彼らが並んだ瞬間、神殿内の灯火が一瞬明るく揺らめく。二人の影が交わるところに不思議な輝きが生まれた。清真の存在が、彼女の内なる力を呼び覚ましていく。
その二人から少し離れた場所。神聖な儀式の陰で、邪悪な影が蠢いていた。
花凜の義妹が、群衆に紛れてそこに立っていた。なぜか神殿の関係者の装束に身を包んでいる。その顔は嫉妬と憎悪に歪み、もはやかつての美しさは跡形もない。血走った瞳が花凜の姿を見詰め、唇が薄く歪んでいる。
人々が儀式に気を取られている隙を狙い、乙音は自然な動作を装いながら、『封印』へとゆっくりと近づいていく。懐から取り出した呪符を握りしめる手が、抑えきれない興奮で微かに震えていた。
乙音は、封印の基部に呪符をぐっと押し込んだ。彼女の周りの空気がわずかに歪み、陽炎のように揺らめく。

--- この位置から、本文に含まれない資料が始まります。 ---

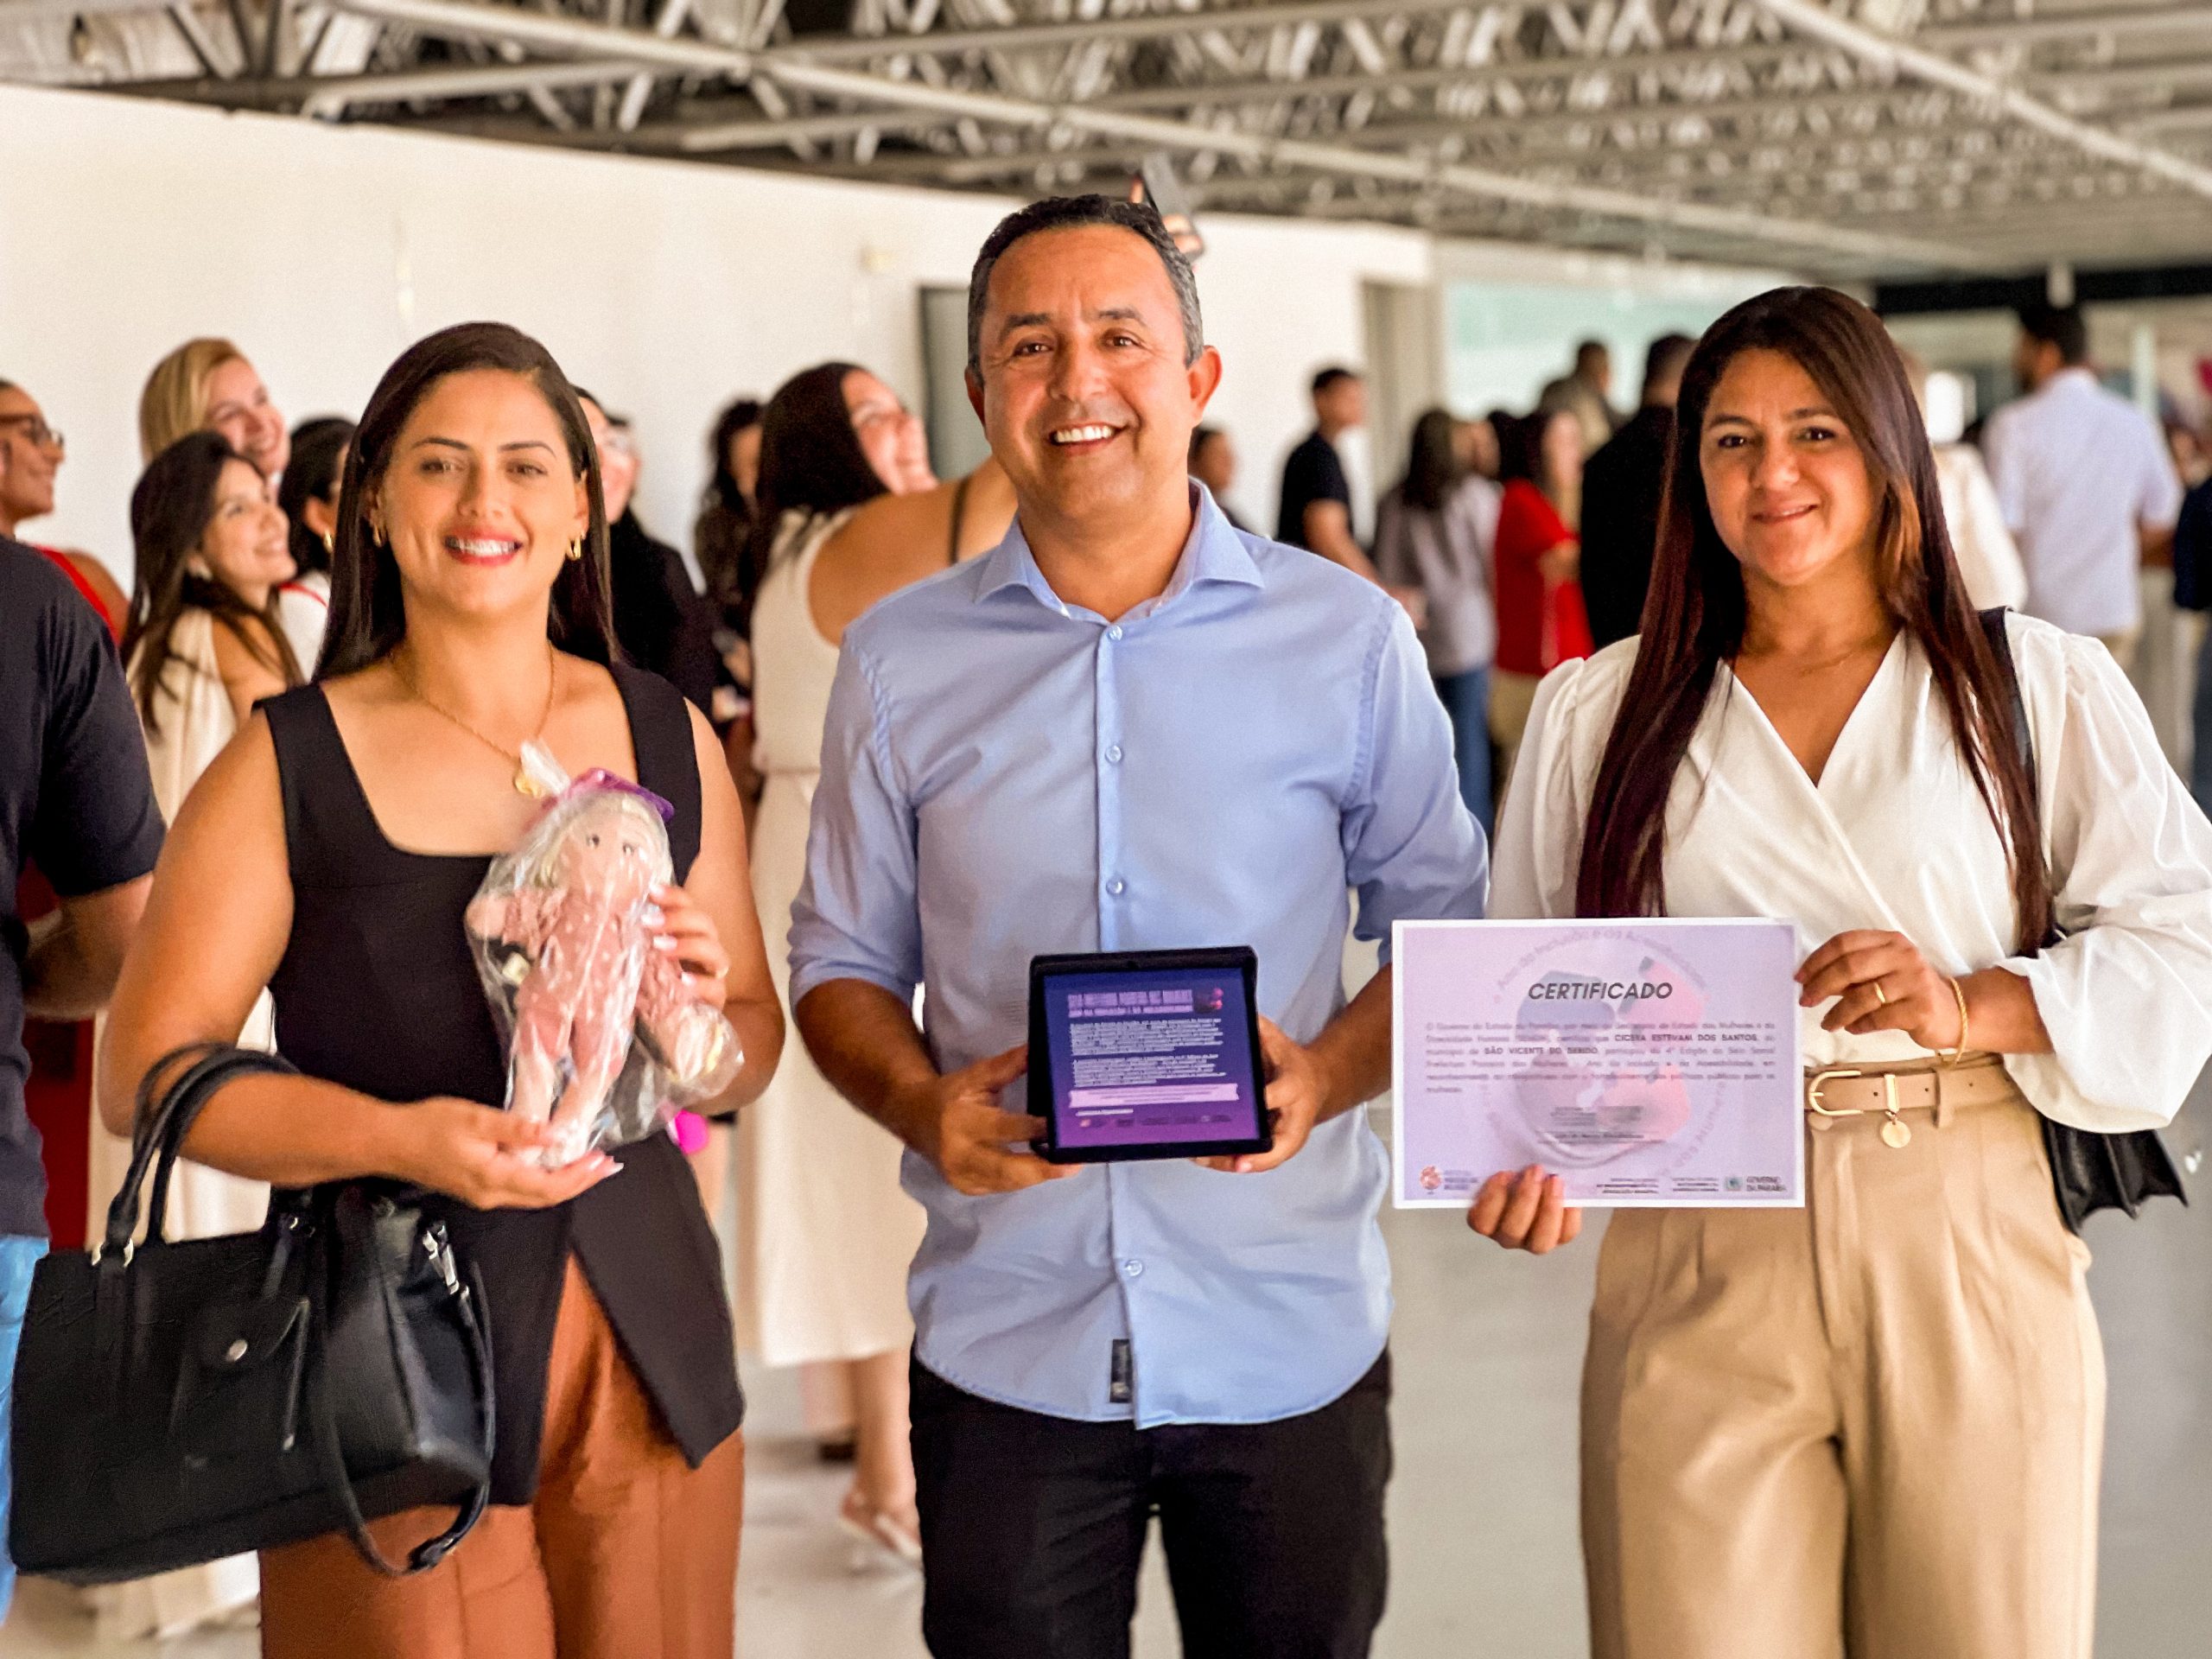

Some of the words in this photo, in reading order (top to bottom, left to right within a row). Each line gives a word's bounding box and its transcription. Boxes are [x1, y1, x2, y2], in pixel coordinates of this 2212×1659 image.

[1528, 982, 1674, 1001] CERTIFICADO
[1697, 1033, 1717, 1042] DOS
[1484, 1045, 1504, 1055] SÃO

そして、清真の式神たちの鋭い感知能力を逃れるため、仕掛けを施した。――それは呪符から発せられる邪悪な気配を隠蔽する術。
乙音の唇が呪文を無音で紡ぐ。指先から淡い紫の霞が、呪符を包み込んでいく。
術が完成すると、呪符の邪気は完全に遮断された。まるで何事もなかったかのように、式神たちの警戒は呪符を素通りしていく。誰にも怪しまれていない。その瞳には、勝ち誇ったような『勝利の光』が宿っていた。
儀式が始まると、花凜の様子がさらに悪化し始めた。足元がふらつき、額に汗が浮かんでいる。呼吸が浅くなり、心臓が不規則に鼓動しているような感覚が襲ってくる。
「あの月詠み師さま、様子がおかしいような?」
「お顔の色が悪いわね」
小さなざわめきが民衆の間に広がった。花凜を見つめる視線に心配の色が浮かび、人々は首をかしげながら囁き合う。

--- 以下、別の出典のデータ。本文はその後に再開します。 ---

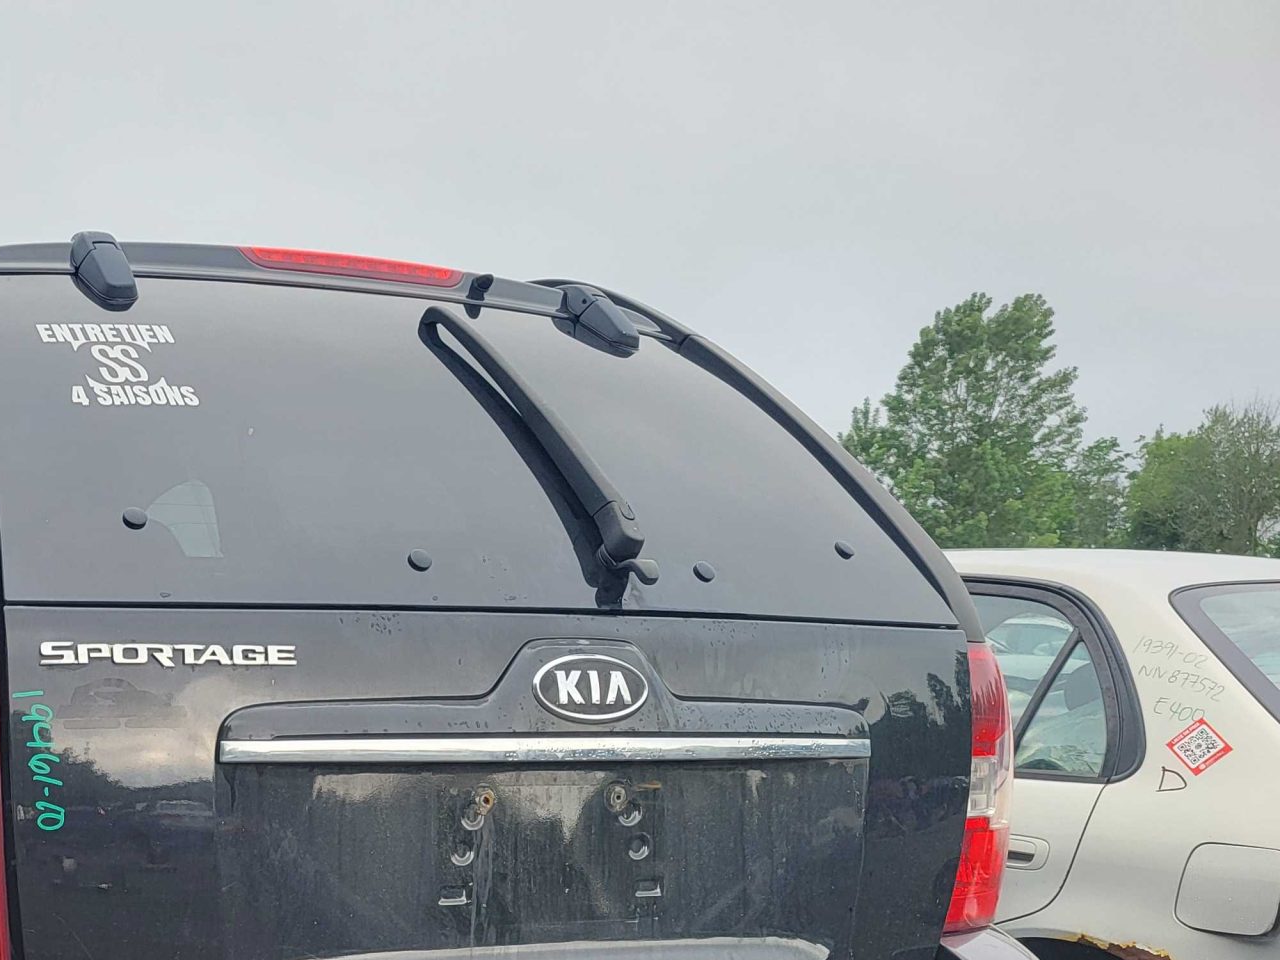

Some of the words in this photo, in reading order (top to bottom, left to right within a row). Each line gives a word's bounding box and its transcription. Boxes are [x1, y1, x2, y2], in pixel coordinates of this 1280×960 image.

花凜は必死に意識を保とうとしたが、視界がぼんやりとし始める。手のひらから漏れ出す月光が不安定に揺らめき、本来の清らかな輝きを失っていく。光が弱々しく震え、時として暗く翳った。
体の芯から湧き上がる違和感に、花凜は小さく眉を寄せた。
「どうされたんだろう」
ざわつく会場の不安の囁きが神殿を満たし、民衆の顔に心配の色が浮かんだ。
その時――乙音の唇が、邪悪な微笑を刻んだ。花凜がふらついたタイミングを狙って、彼女の指先に青白い炎が踊る。呪符に込められた術式が、目覚めようとしていた。
パチン! 乙音が術式を発動させた。
ゴオオオオと地の底から響いてくるような不気味な轟音が天地を震わせた。中央封印が砕け散り、千年の歳月を重ねた石が粉々になる。封印の亀裂から黒い霧が立ち上り、神殿の空気を重くしていく。
「封印が……壊れた?!」
「何が起こっているの!」
人々の絶叫がこだまする中、怨霊たちが封印の破れ目から現れ始めた。長い年月封じられていたそれらが、黒い靄のような姿で宙に舞い上がる。彼らは実体を持ち、悲しげな声を響かせながら神殿内を飛び回っていった。
「きゃああああ!」
悲鳴が響き、民衆が慌てて逃げ惑う。神殿が混乱に包まれていく。
「一体、何が起こった」
清真の表情が一変した。彼の瞳に困惑が宿る。その視線が、封印の破れ目から立ち上る黒い霧、飛び交う怨霊、そして苦しむ花凜の姿を捉えた。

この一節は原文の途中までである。